Local Obituaries

Michael Grieve, 69, raised awareness of organ donations

Michael David Grieve volunteered to raise awareness of organ donation and survived 18 years with a heart transplant. He died Oct. 31 of cancer, his family said.
Michael David Grieve volunteered to raise awareness of organ donation and survived 18 years with a heart transplant. He died Oct. 31 of cancer, his family said. Sacramento Bee

Michael David Grieve, a family man who was able to become a grandfather after getting a heart transplant 18 years ago, died Friday of cancer, his family said. He was 69.

Born in 1945 in Brigham City, Utah, Mr. Grieve grew up in East Sacramento playing street baseball and fishing. He graduated from Sacramento High School in 1963, attended Sacramento City College and served two years in the Army in Germany.

He married Jeanne Scharosch, had two daughters and enjoyed family vacations. A happy-go-lucky guy who enjoyed telling jokes and playing pranks, he was a top sales representative for Southern Wine & Spirits, a distributor of alcoholic beverages.

By age 50, he was dying. Diagnosed with cardiomyopathy, a weakening of the heart muscle, he spent several years on medication as his health deteriorated before his name was placed on a transplant waiting list. In March 1996, he received a donated heart at Sutter Memorial Hospital.

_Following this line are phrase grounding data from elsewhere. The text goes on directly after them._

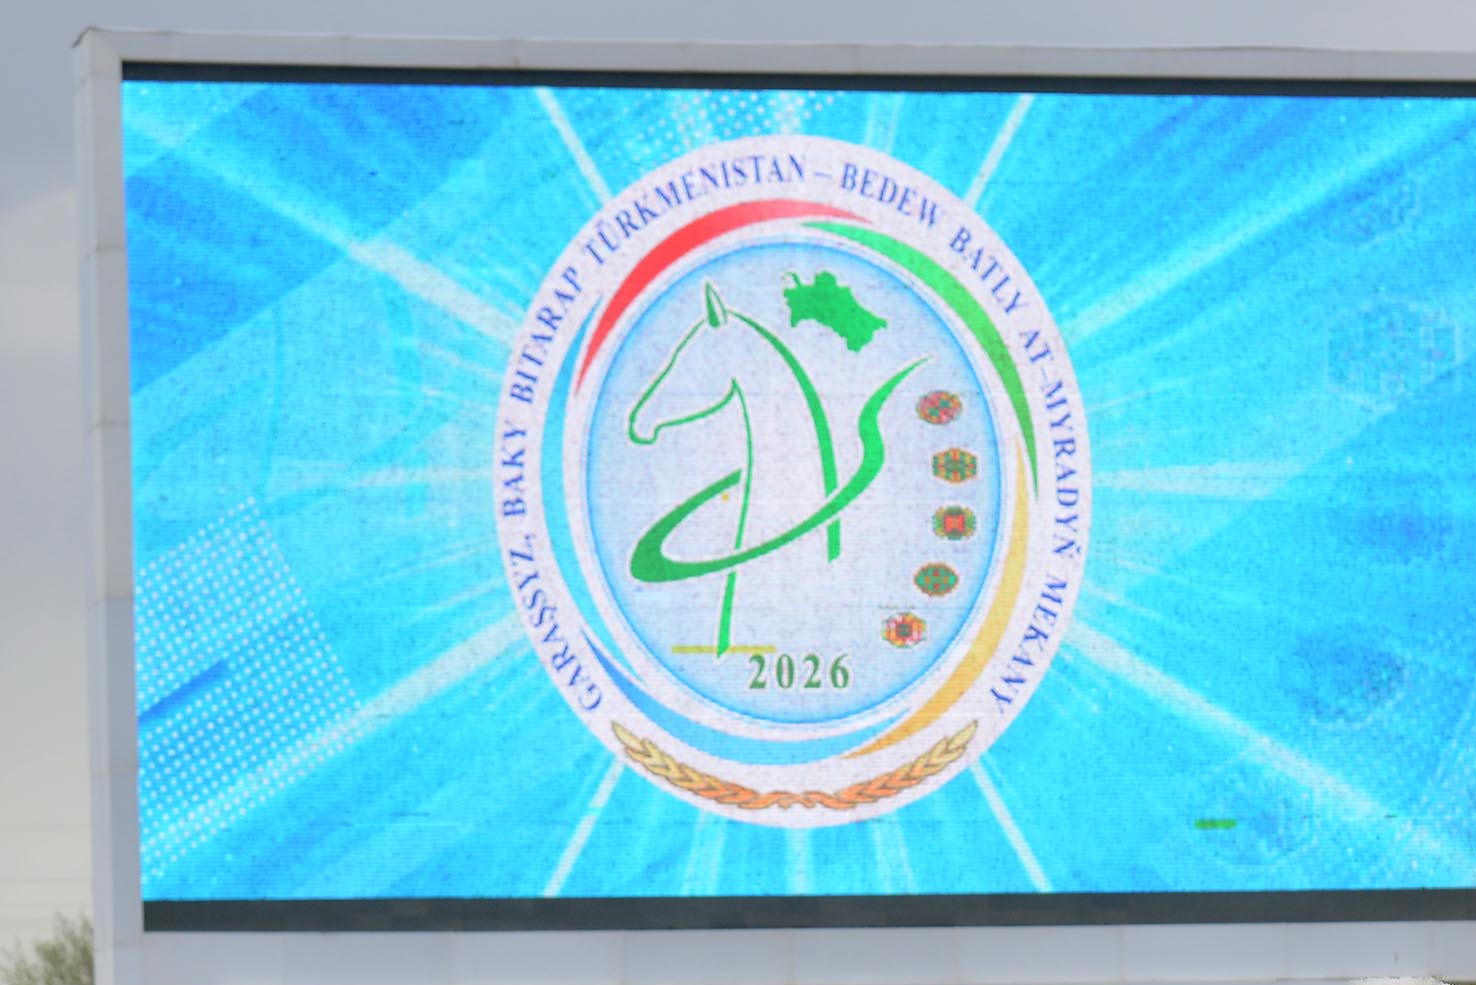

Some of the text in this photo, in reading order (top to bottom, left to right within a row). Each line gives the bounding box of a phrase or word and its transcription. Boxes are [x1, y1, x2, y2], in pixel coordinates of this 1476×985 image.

[582, 154, 804, 266] TÜRKMENISTAN
[840, 162, 946, 229] BEDEW
[950, 226, 1028, 315] BATLY
[510, 266, 582, 404] BITARAP
[502, 420, 527, 517] BAKY
[748, 652, 850, 689] 2026
[990, 573, 1067, 714] MEKANY
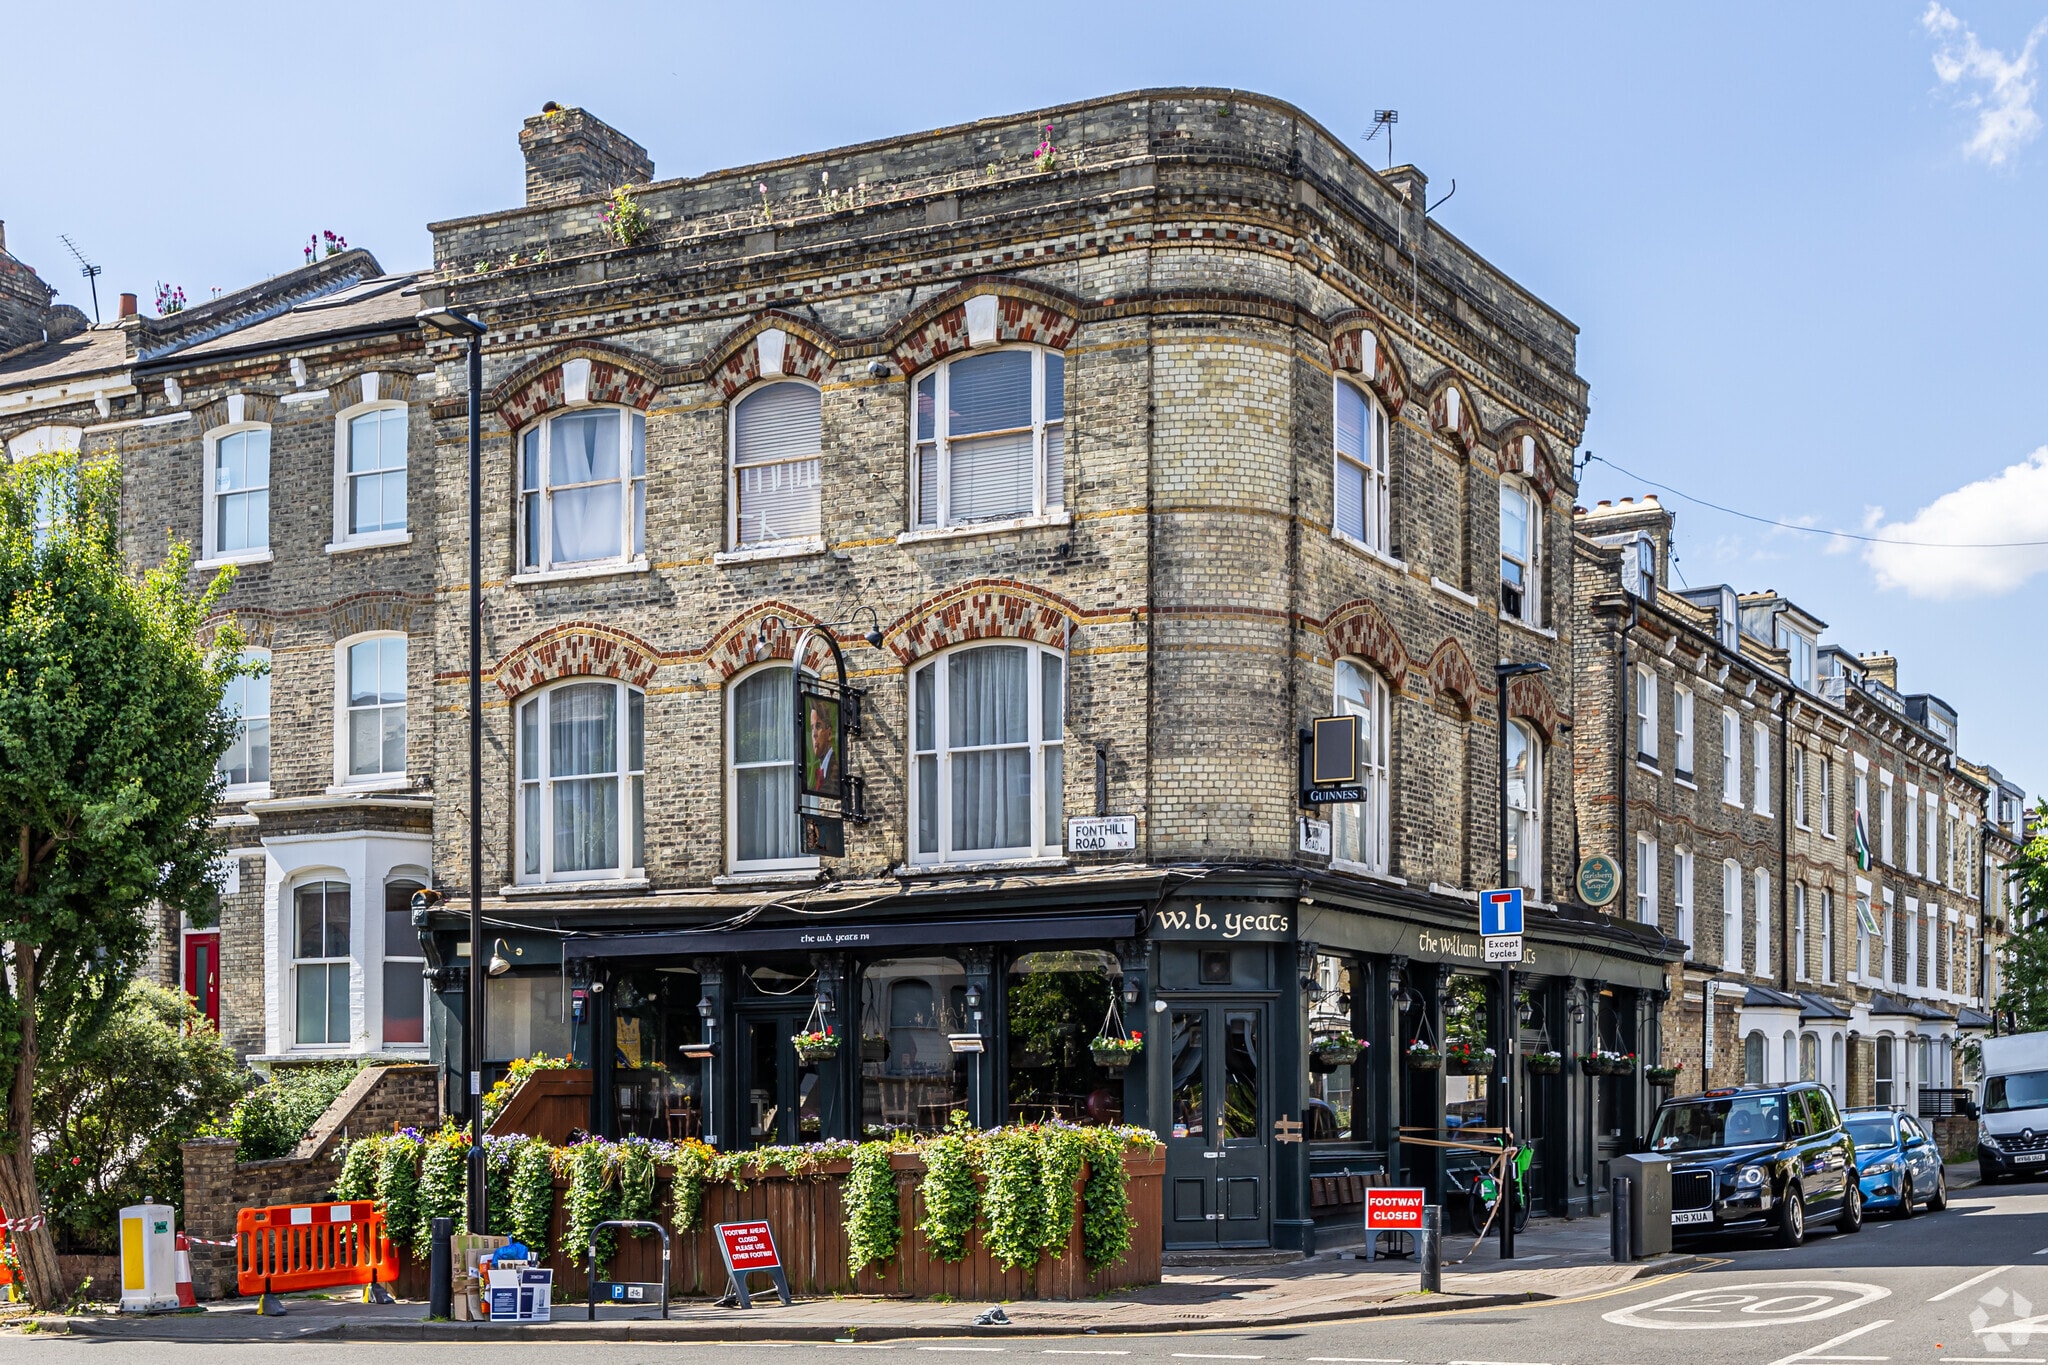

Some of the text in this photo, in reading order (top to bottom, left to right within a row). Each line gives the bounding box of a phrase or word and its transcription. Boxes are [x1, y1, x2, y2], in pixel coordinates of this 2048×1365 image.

[1310, 790, 1359, 801] GUINNESS
[1075, 823, 1128, 837] FONTHILL
[1075, 837, 1106, 850] ROAD
[1581, 870, 1613, 881] Carlsberg
[1587, 883, 1608, 892] Lager
[1156, 903, 1289, 939] w.b. yeats
[1419, 930, 1438, 953] The
[1440, 935, 1477, 958] William
[1488, 939, 1519, 949] Except
[1489, 949, 1517, 959] cycles
[1369, 1197, 1421, 1206] FOOTWAY
[1373, 1211, 1417, 1220] CLOSED
[1671, 1212, 1708, 1223] N19 XUA
[732, 1252, 749, 1260] OTHER
[1653, 1294, 1834, 1313] 20

“He always had a great appreciation for life and was probably one of the most optimistic persons I knew,” his brother Curt said. “Mike was always very optimistic that everything was going to be totally fine.”

Leaving nothing to chance, Mr. Grieve followed his doctors’ orders religiously, his family said. He took walks for exercise and eased his way back to work within 15 months. He bought a special watch with an alarm that went off three times a day – including the middle of the night – to take medication, his family said.

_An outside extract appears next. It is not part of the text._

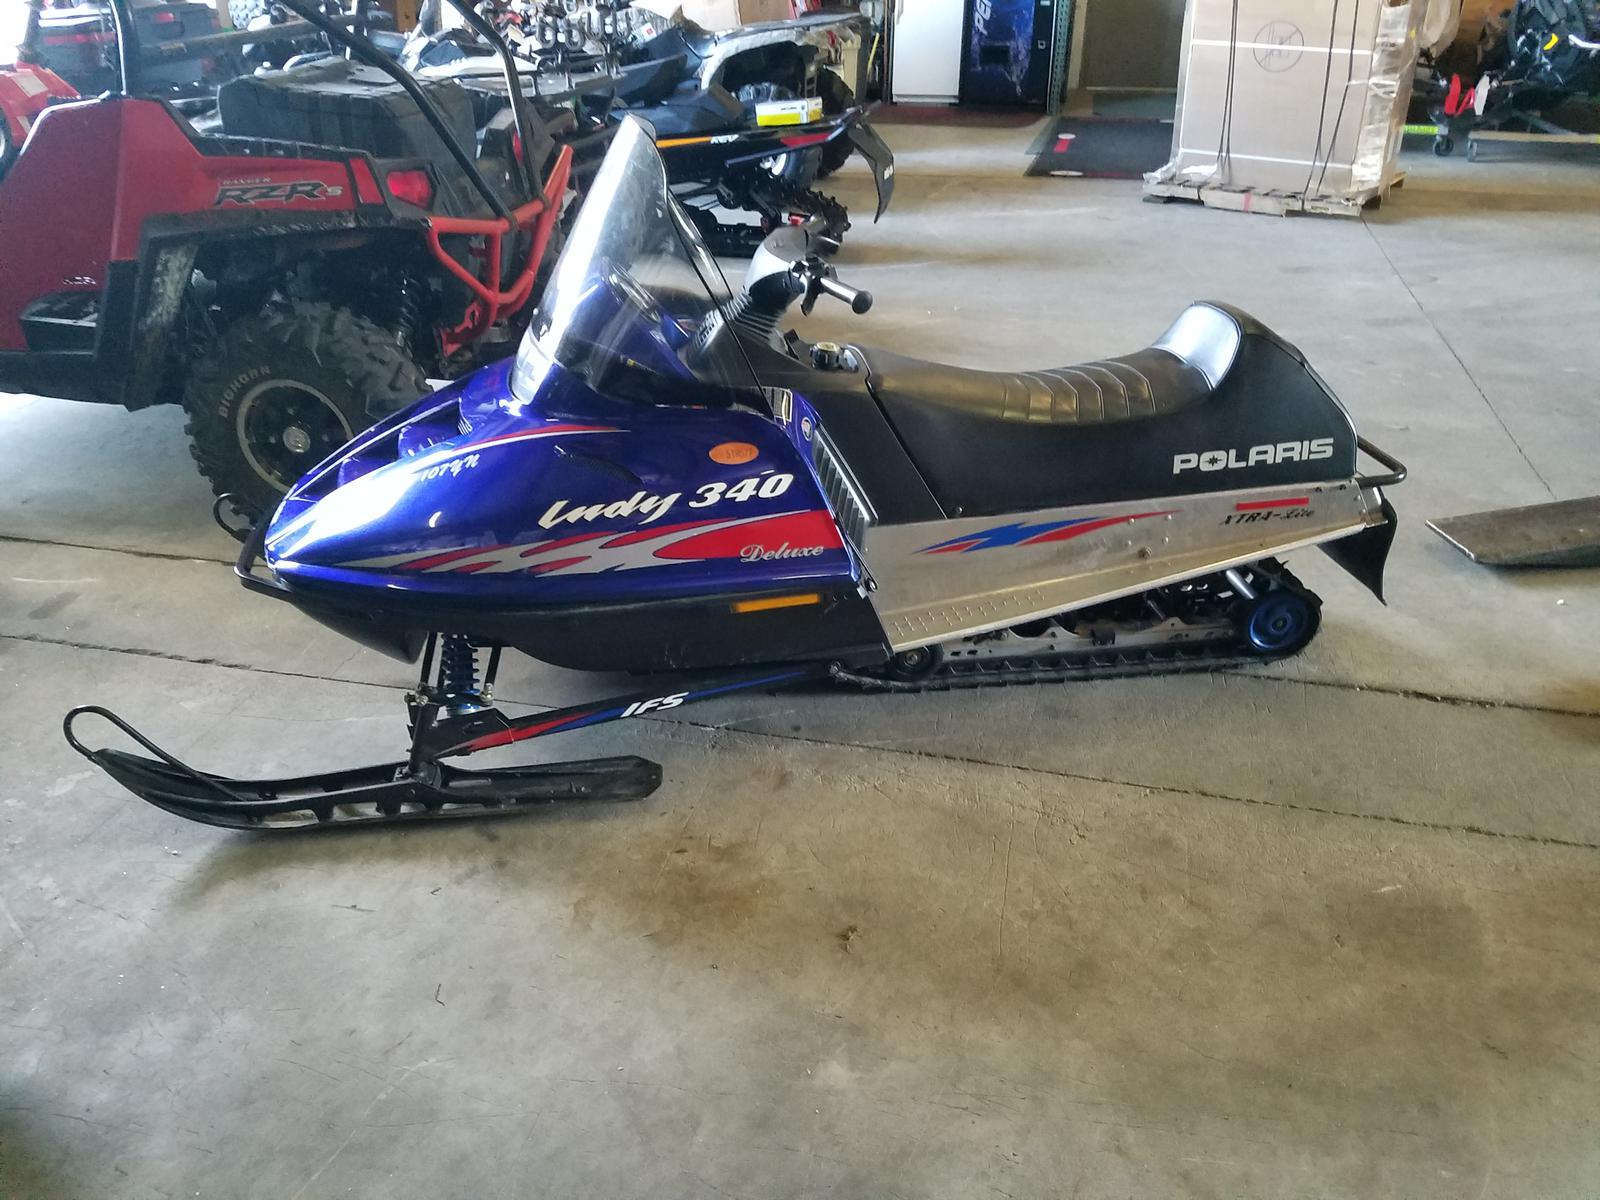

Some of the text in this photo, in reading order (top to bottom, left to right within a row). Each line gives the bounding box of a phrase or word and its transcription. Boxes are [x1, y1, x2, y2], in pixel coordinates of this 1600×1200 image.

Meanwhile, he promoted public awareness of organ transplants as a “much-beloved volunteer” for Sierra Donor Services, organization spokeswoman Tracy Bryan said. He spoke at community health fairs about the need for organ, eye and tissue donors and encouraged sign-ups for the statewide donation registry through the California Department of Motor Vehicles or online at www.donatelifecalifornia.org.

“He spoke once at a school, but it was just too emotional for him,” his wife said.

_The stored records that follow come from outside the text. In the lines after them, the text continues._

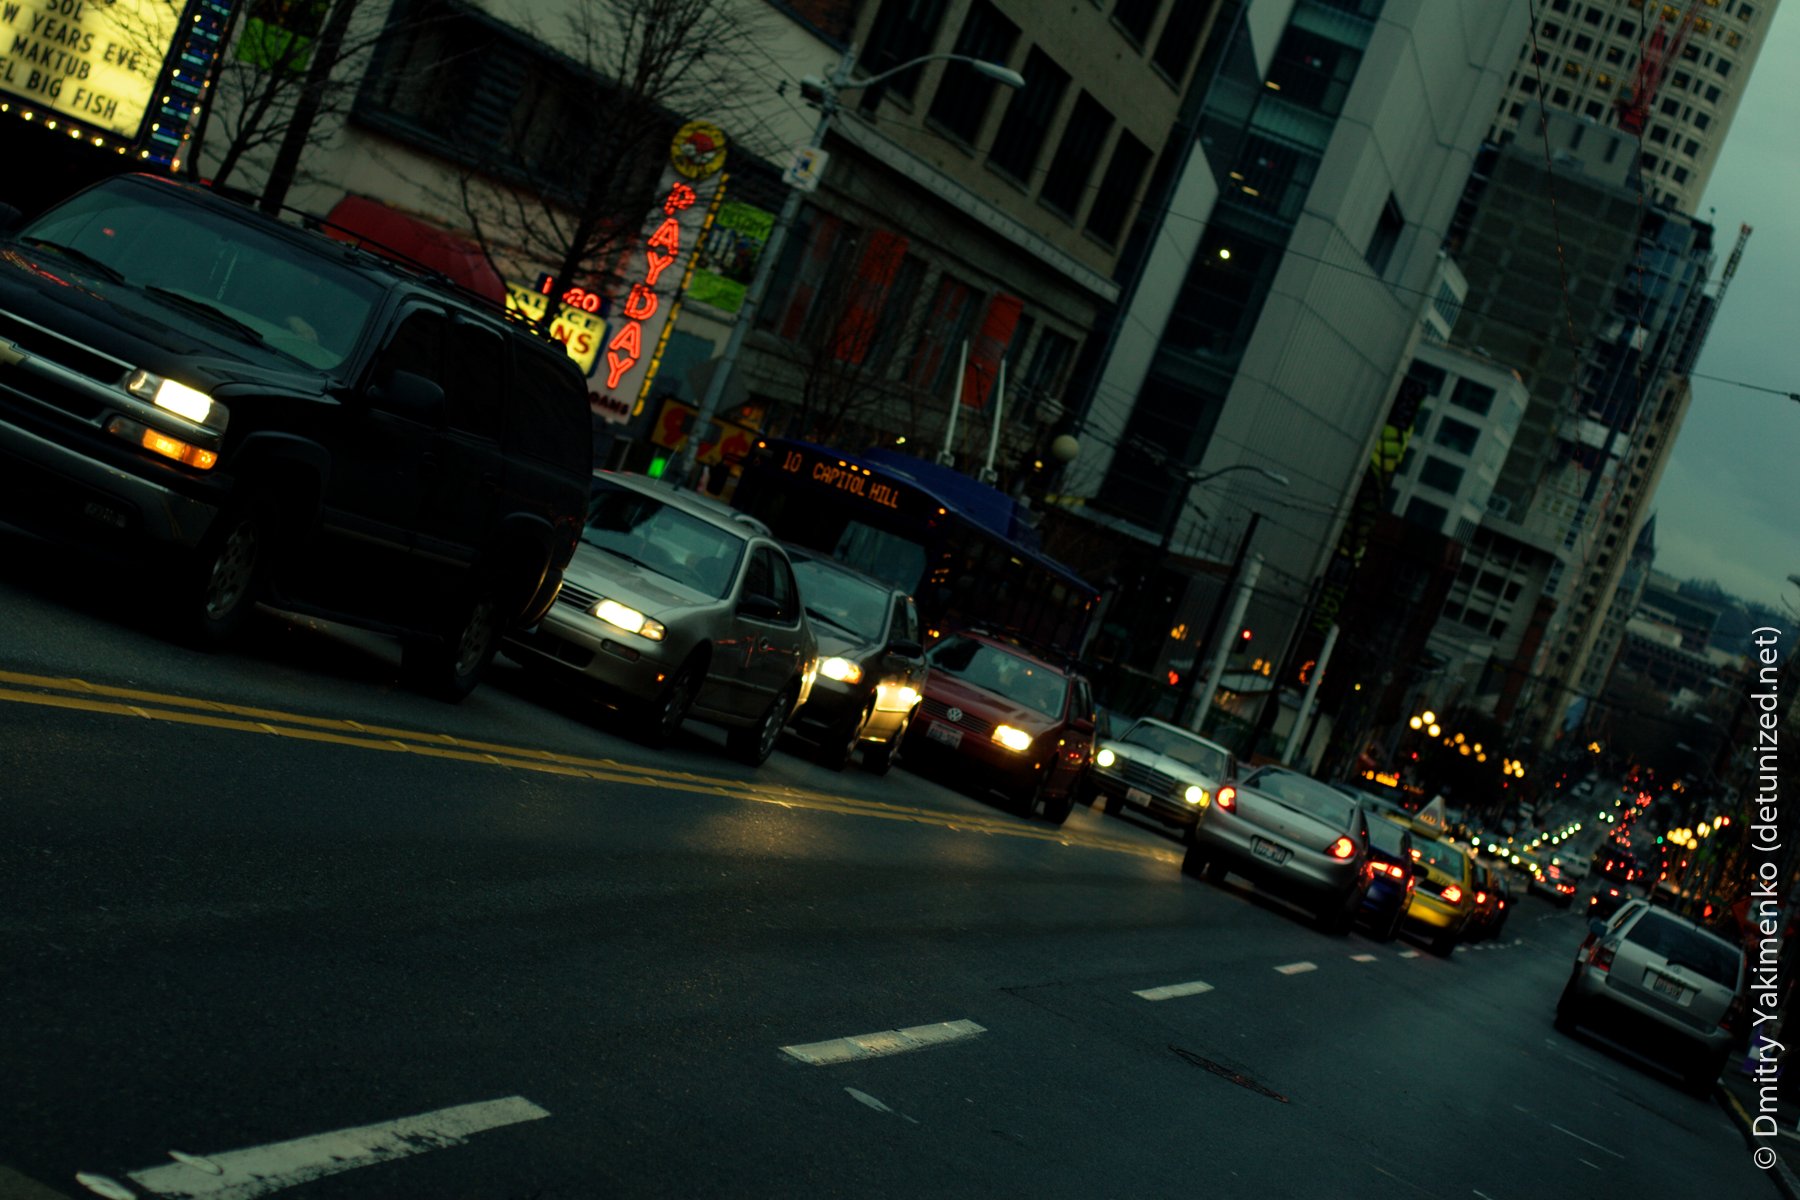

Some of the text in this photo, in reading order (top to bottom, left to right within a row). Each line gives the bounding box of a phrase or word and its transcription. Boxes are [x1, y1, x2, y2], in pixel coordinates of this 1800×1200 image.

[10, 35, 91, 80] MAKTUB
[31, 12, 95, 53] YEARS
[103, 42, 141, 71] EVE
[25, 69, 63, 98] BIG
[73, 87, 119, 121] FISH
[606, 181, 697, 390] PAYDAY
[782, 451, 899, 509] 10 CAPITOL HILL

Mr. Grieve was a caring, sensitive man who thanked his donor’s family – whom he never knew – on every anniversary of his transplant, his wife said. He treasured time spent with his own family, including trips to Lake Tahoe and Southern California beaches. He retired after 35 years at Southern Wine & Spirits in 2008.

“Mike took nothing for granted,” his brother said.

“He was really thankful for all the rest of the years that he had. It allowed him to see his daughters graduate, get married and have grandchildren. He was so attentive and so proud of his daughters, and he loved watching his grandkids’ baseball games. He got 18 extra years, and he lived life to the fullest.”

In addition to his wife and brother Curt, Mr. Grieve is survived by his daughters, Melissa Hansen and Natalie Bee; a brother, Kelly; and four grandchildren.

A visitation is scheduled from 2 p.m. to 4 p.m. Wednesday, and a Rosary is planned for 7 p.m. the same day at George L. Klumpp Chapel of Flowers, 2691 Riverside Blvd., Sacramento. A funeral Mass is set for 10 a.m. Thursday at Holy Spirit Church, 3159 Land Park Drive, Sacramento.

In lieu of flowers, memorial donations may be made to the American Heart Association.